### Task goal
An exact copy of the listing below is the answer, with the pictures removed.

### Supplied material
★ ★ ★ ★
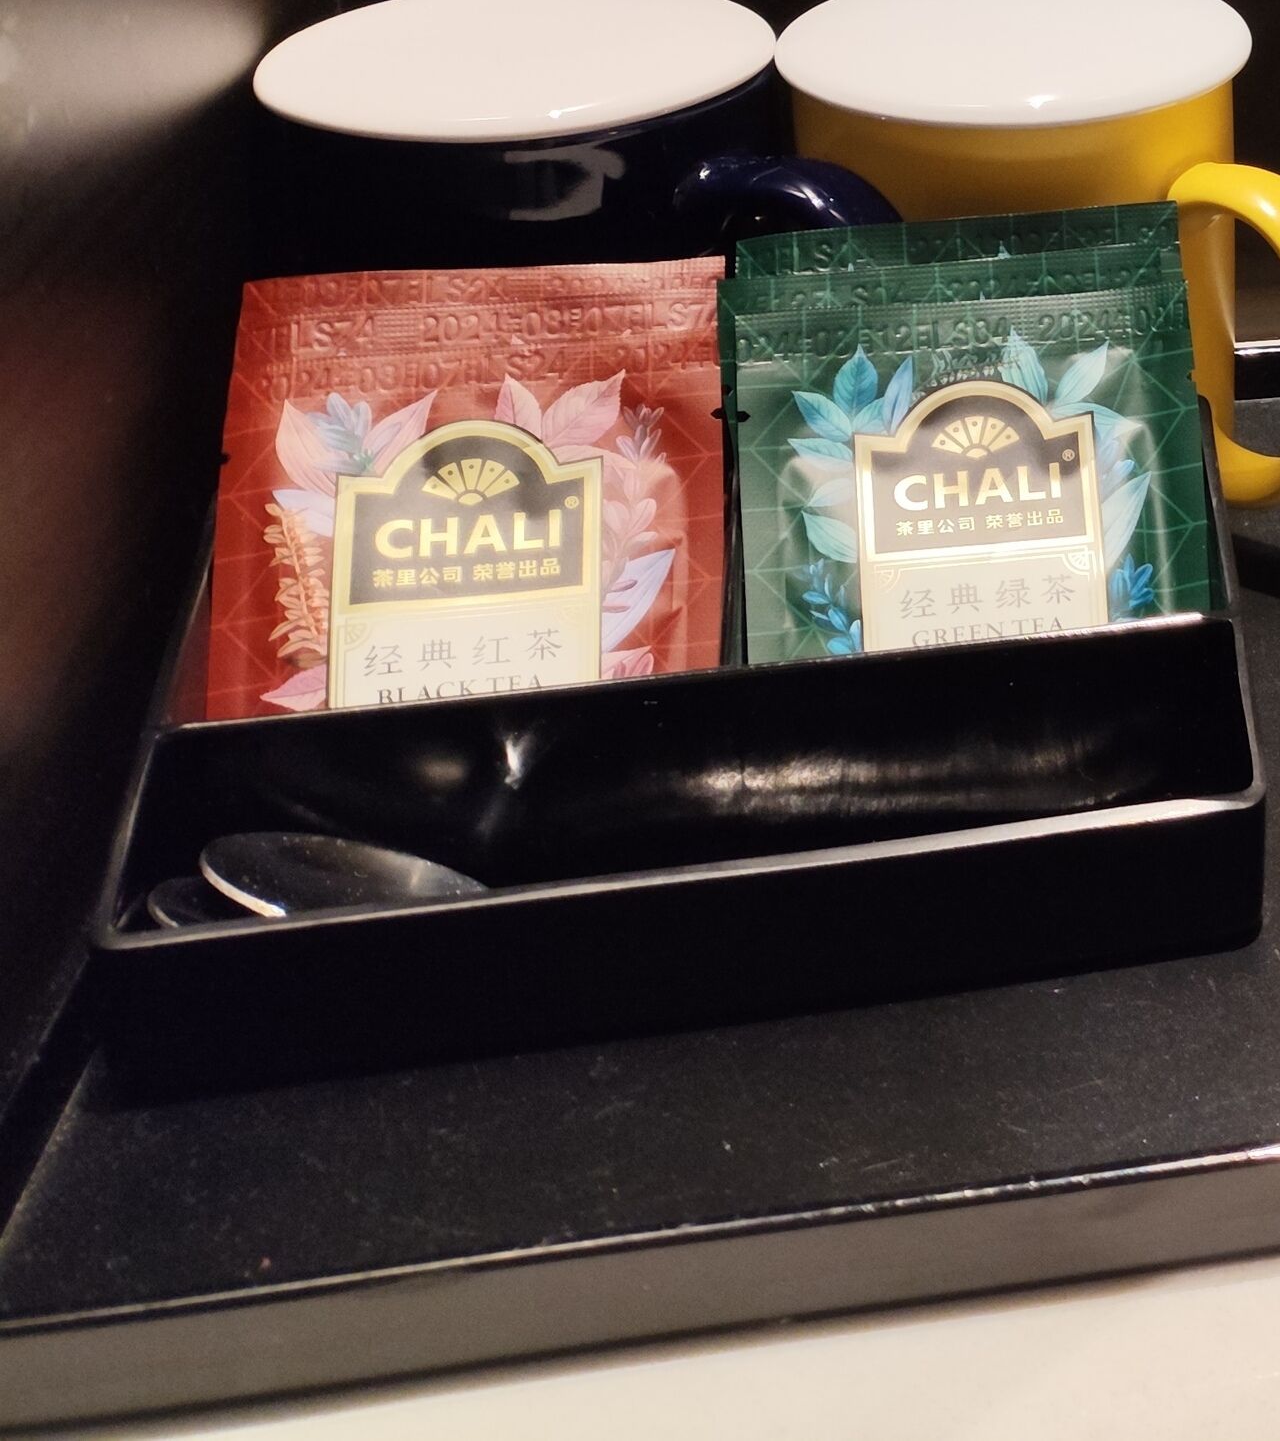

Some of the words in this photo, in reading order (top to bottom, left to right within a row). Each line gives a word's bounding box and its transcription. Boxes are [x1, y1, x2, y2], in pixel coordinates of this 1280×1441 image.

[894, 462, 1062, 511] CHALI
[375, 509, 562, 559] CHALI
[895, 516, 976, 537] 茶里公司
[985, 508, 1064, 530] 荣誉出品
[372, 565, 463, 588] 茶里公司
[472, 558, 561, 582] 荣誉出品
[900, 573, 1076, 620] 经典绿茶
[363, 627, 562, 677] 经典红茶
[911, 620, 1003, 648] GREEN
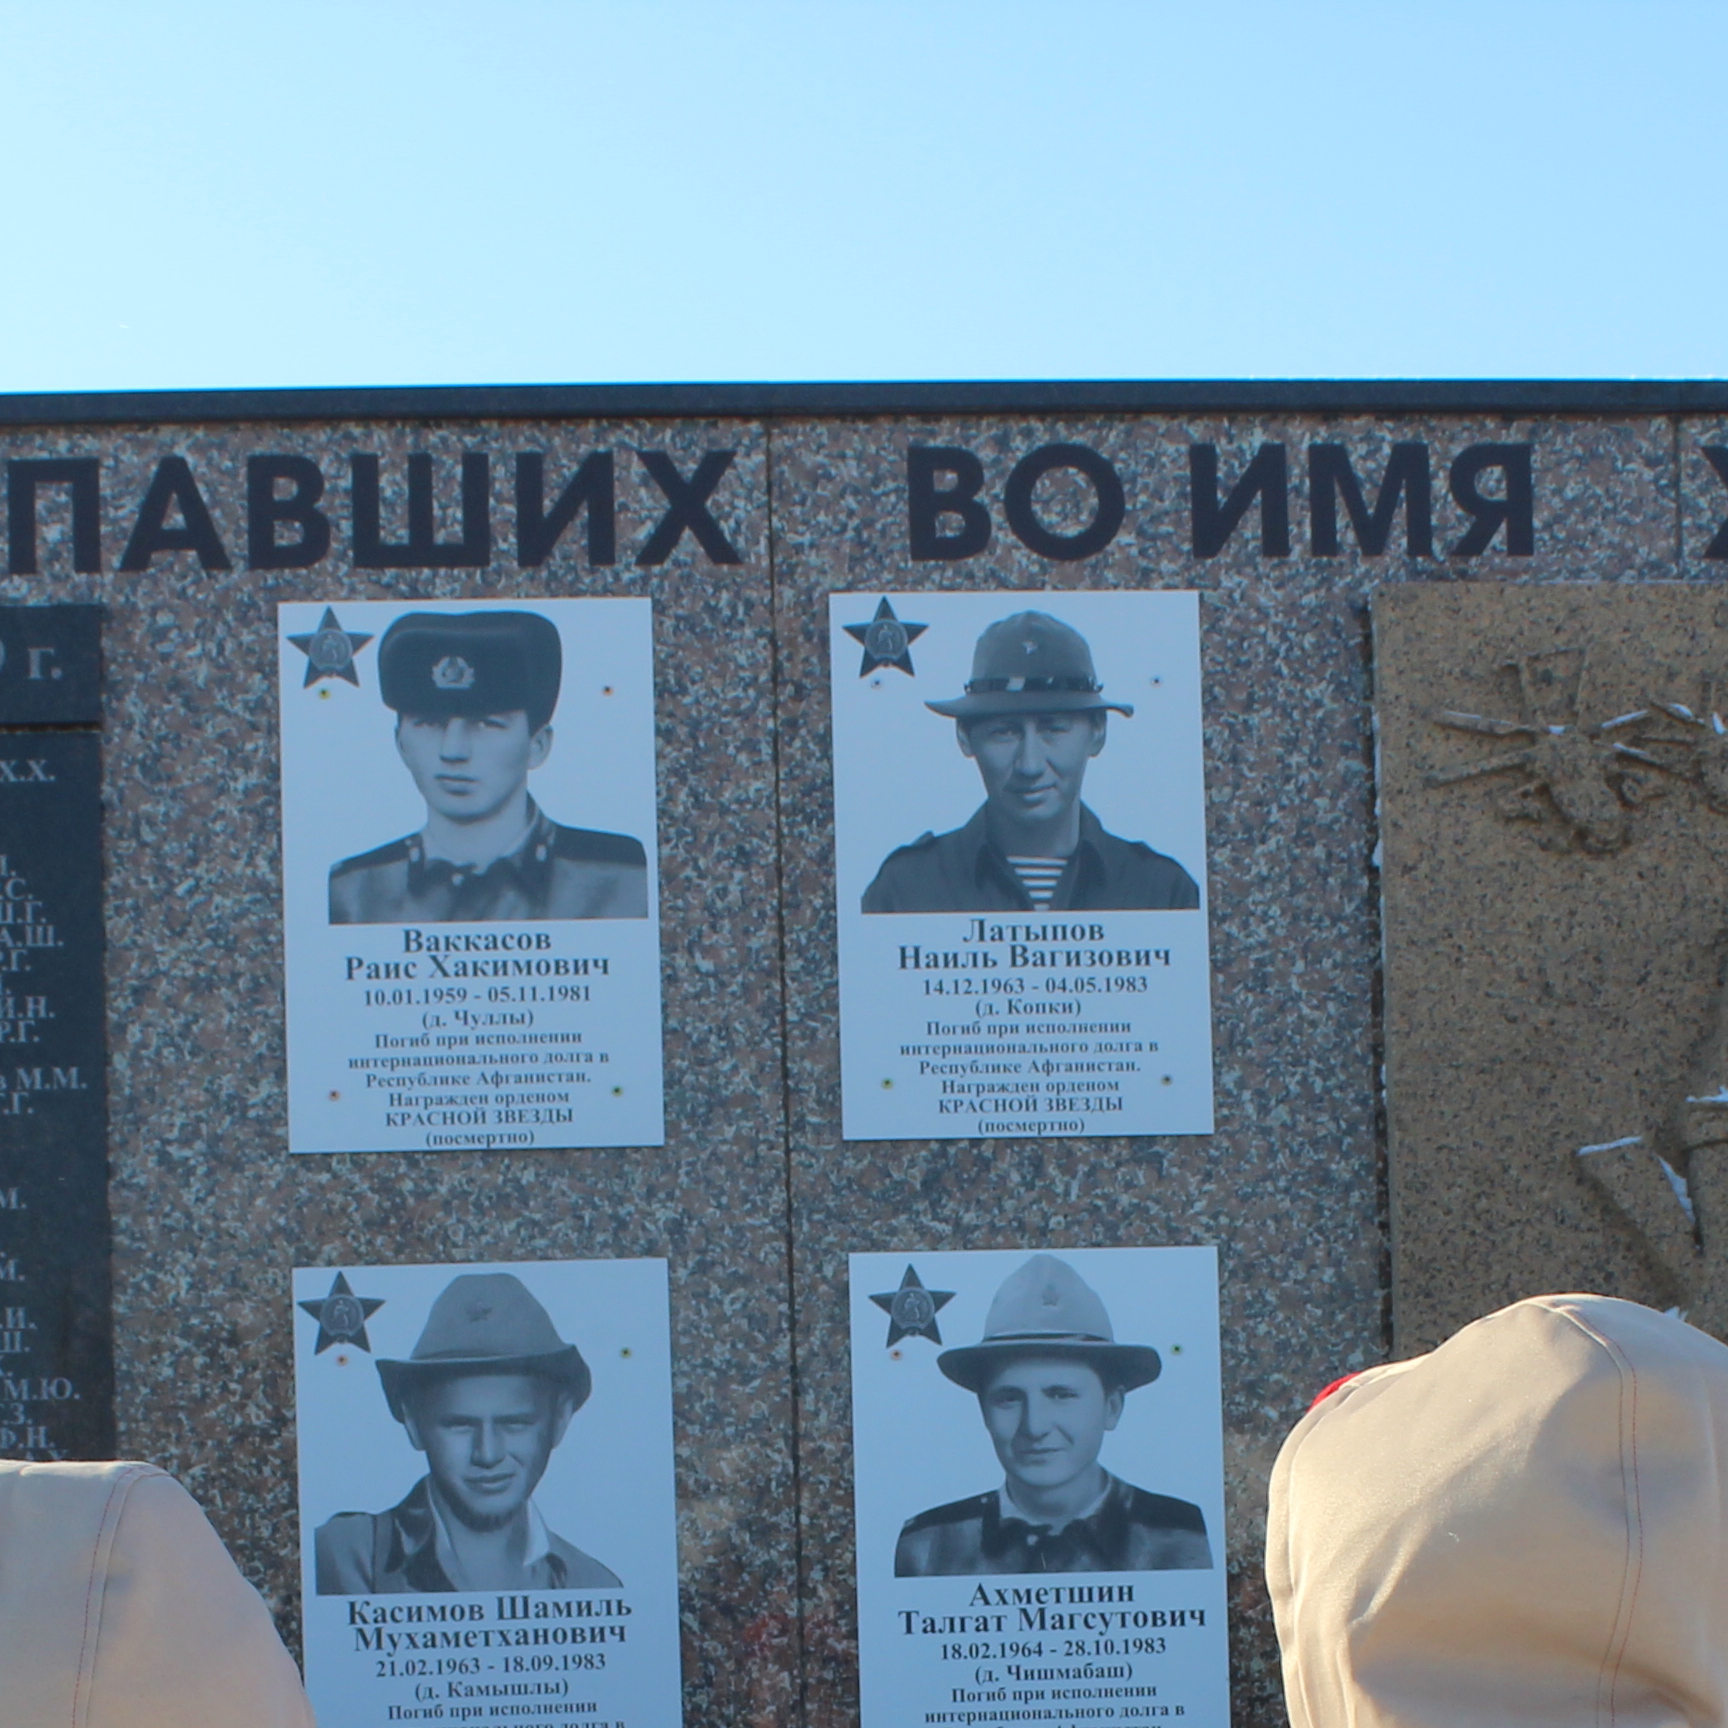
★ ★ ★ ★
### Written response
Some of the words in this photo, in reading order (top to bottom, left to right within a row). Each line gives a word's bounding box and its transcription. Boxes are [x1, y1, x2, y2], in pixel coordinates of this 1280×1441 image.

[894, 462, 1062, 511] CHALI
[375, 509, 562, 559] CHALI
[895, 516, 976, 537] 茶里公司
[985, 508, 1064, 530] 荣誉出品
[372, 565, 463, 588] 茶里公司
[472, 558, 561, 582] 荣誉出品
[900, 573, 1076, 620] 经典绿茶
[363, 627, 562, 677] 经典红茶
[911, 620, 1003, 648] GREEN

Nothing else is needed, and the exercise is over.